Le président suspendu de Medellín, remplacé par le commissaire à la paix, Jean Camilo Restrepoa également déclaré que la CIDH n’avait pas accepté la proposition du procureur parce qu’elle considérait que ce qui était présenté continuait de violer la Convention américaine relative aux droits de l’homme et il faudrait le changer.

Quintero a également déclaré que l’important à ce sujet est que les Colombiens sont conscients de ce que font certains fonctionnaires comme Margarita Cabello, qui prennent des décisions qui ne relèvent pas de leur responsabilité, comme l’a dit Gustavo Petro, car selon la décision de la CIDH, les responsables administratifs ne peuvent pas sanctionner ceux qui ont été élus au suffrage universel.

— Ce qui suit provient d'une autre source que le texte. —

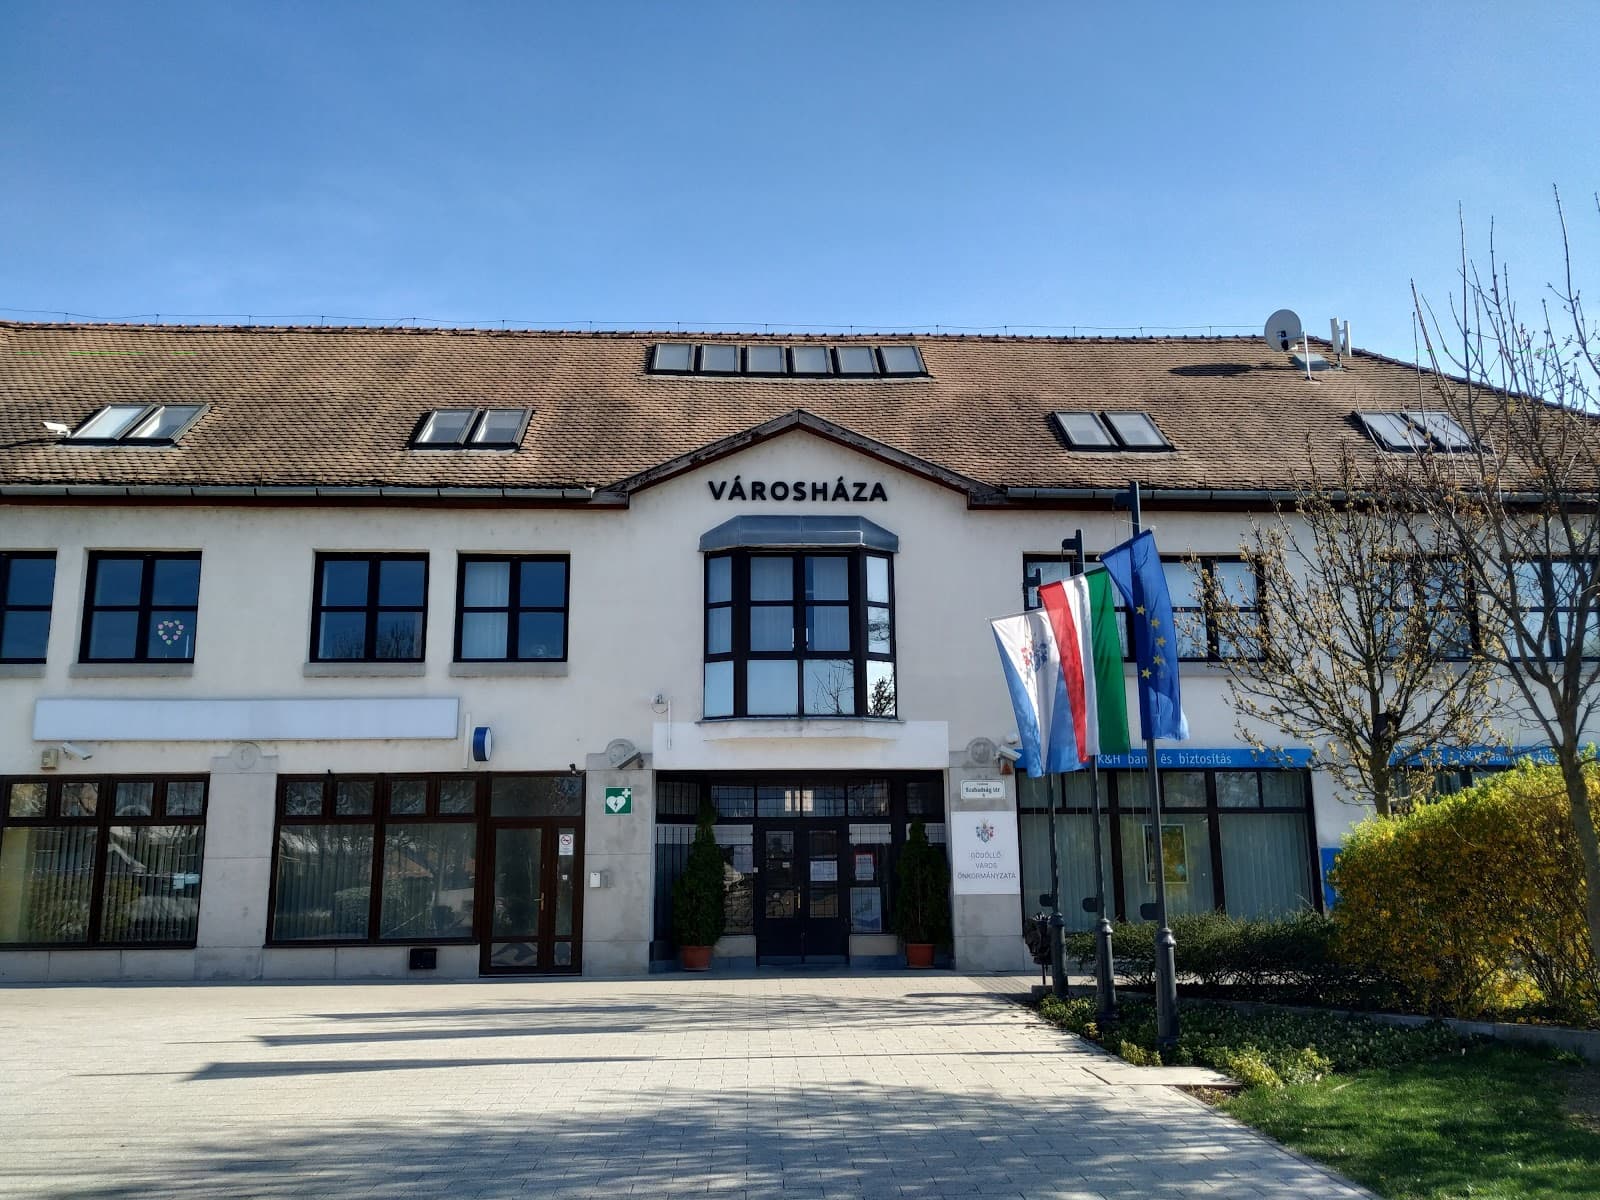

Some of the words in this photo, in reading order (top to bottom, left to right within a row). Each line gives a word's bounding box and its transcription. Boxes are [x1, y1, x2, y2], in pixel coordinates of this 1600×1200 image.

[708, 475, 888, 502] VÁROSHÁZA
[1097, 754, 1121, 764] K&H
[1128, 754, 1148, 765] ban
[1160, 754, 1172, 764] és
[1179, 753, 1232, 765] biztosítás

« Cela doit envoyer un message au peuple, qu’il voit jusqu’où va ce gouvernement »ajoute Daniel Quintero.

Le maire et homme d’affaires a dû subir les assauts de différentes personnalités politiques de la nation telles que l’ancien président Alvaro Uribe Vélez et les anciens maires de Medellín et les candidats actuels à la présidence, Federico Gutierrez et Sergio Fajardo pour les questions liées à Hidroituango, le groupe d’entreprises d’Antioquia et les entreprises publiques de Medellín.

Enfin, Quintero a assuré que, selon les procédures établies, le président Ivan Duc Il a dû attendre que le maire sanctionné envoie une liste restreinte pour que, à partir de celle-ci, le président national puisse choisir qui le remplacerait au pouvoir, mais le chef de l’État a arbitrairement choisi un membre politique de l’opposition dans son administration.